▶ **Task requirements**:
A verbatim printing of the entries that follow is needed; pictures must not appear in it.

▶ **Material provided**:

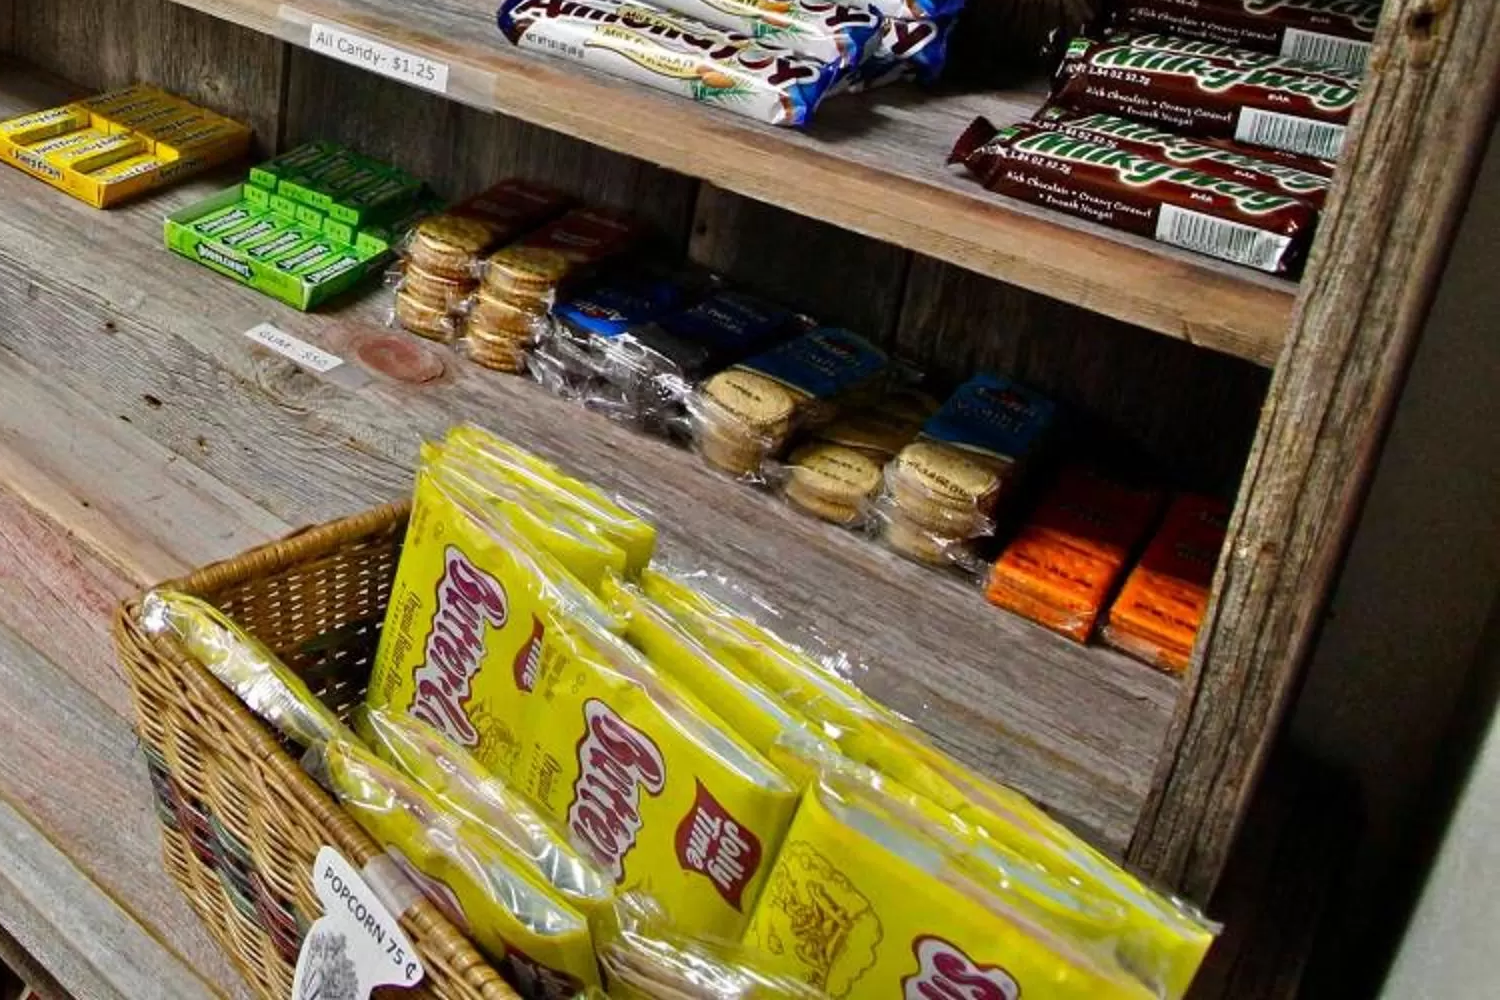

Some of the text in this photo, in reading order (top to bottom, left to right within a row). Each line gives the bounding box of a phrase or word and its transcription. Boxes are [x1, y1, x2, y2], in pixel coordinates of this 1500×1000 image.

[316, 32, 436, 82] All Candy- $1.25
[1091, 46, 1244, 93] Milky
[1240, 68, 1360, 112] Way
[1014, 131, 1302, 215] Milky Way
[1113, 200, 1152, 218] Caramel
[685, 807, 725, 870] Time
[706, 819, 751, 891] Jolly
[323, 866, 387, 944] POPCORN
[386, 937, 406, 966] 75
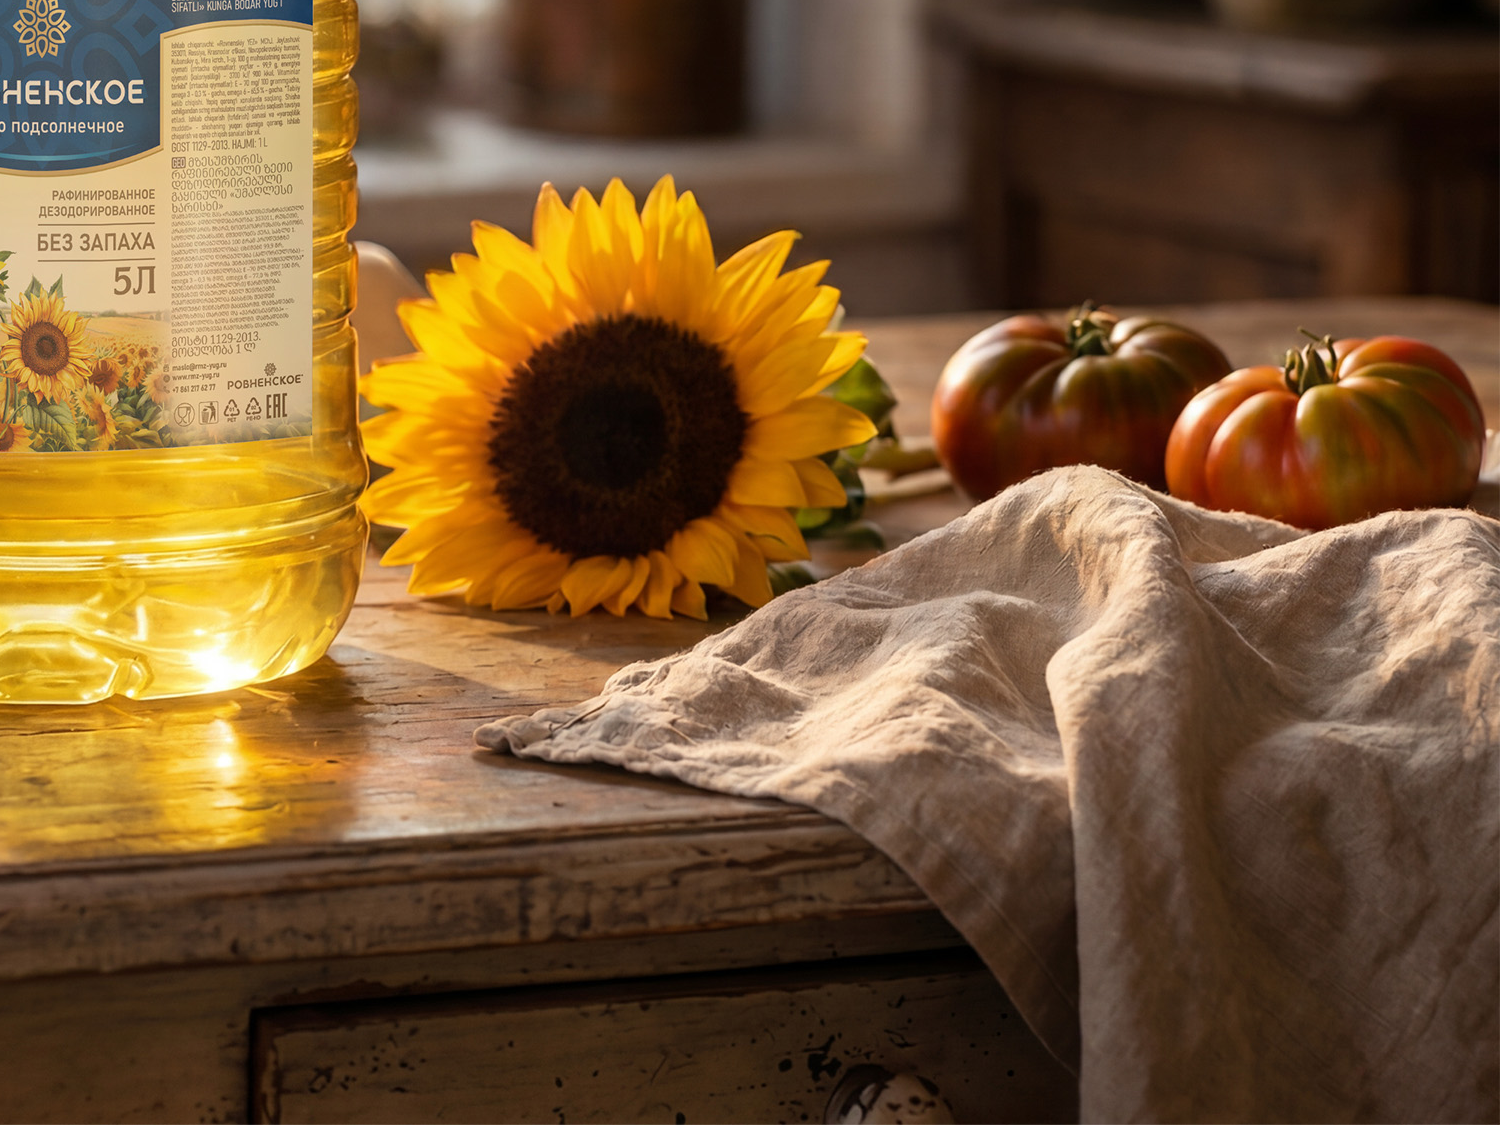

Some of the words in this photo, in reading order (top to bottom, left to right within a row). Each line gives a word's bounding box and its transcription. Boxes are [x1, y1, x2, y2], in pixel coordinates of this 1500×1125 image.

[172, 1, 204, 13] SIFATLI»
[207, 0, 232, 11] KUNGA
[12, 121, 124, 135] подсолнечное
[172, 142, 190, 153] GOST
[232, 139, 256, 149] HAJMI:
[264, 137, 268, 147] L
[172, 158, 185, 168] GEO
[52, 189, 155, 201] РАФИНИРОВАННОЕ
[39, 205, 155, 218] ДЕЗОДОРИРОВАННОЕ
[38, 233, 73, 251] БЕЗ
[80, 232, 155, 251] ЗАПАХА
[114, 266, 156, 295] 5Л
[211, 331, 261, 344] 1129-2013.
[236, 344, 240, 353] 1
[172, 372, 220, 381] www.rmz-yug.ru
[228, 375, 301, 390] РОВНЕНСКОЕ

▶ **Answer to this problem**:
Some of the text in this photo, in reading order (top to bottom, left to right within a row). Each line gives the bounding box of a phrase or word and its transcription. Boxes are [x1, y1, x2, y2], in pixel coordinates of this 1500×1000 image.

[316, 32, 436, 82] All Candy- $1.25
[1091, 46, 1244, 93] Milky
[1240, 68, 1360, 112] Way
[1014, 131, 1302, 215] Milky Way
[1113, 200, 1152, 218] Caramel
[685, 807, 725, 870] Time
[706, 819, 751, 891] Jolly
[323, 866, 387, 944] POPCORN
[386, 937, 406, 966] 75

Some of the words in this photo, in reading order (top to bottom, left to right within a row). Each line gives a word's bounding box and its transcription. Boxes are [x1, y1, x2, y2], in pixel coordinates of this 1500×1125 image.

[172, 1, 204, 13] SIFATLI»
[207, 0, 232, 11] KUNGA
[12, 121, 124, 135] подсолнечное
[172, 142, 190, 153] GOST
[232, 139, 256, 149] HAJMI:
[264, 137, 268, 147] L
[172, 158, 185, 168] GEO
[52, 189, 155, 201] РАФИНИРОВАННОЕ
[39, 205, 155, 218] ДЕЗОДОРИРОВАННОЕ
[38, 233, 73, 251] БЕЗ
[80, 232, 155, 251] ЗАПАХА
[114, 266, 156, 295] 5Л
[211, 331, 261, 344] 1129-2013.
[236, 344, 240, 353] 1
[172, 372, 220, 381] www.rmz-yug.ru
[228, 375, 301, 390] РОВНЕНСКОЕ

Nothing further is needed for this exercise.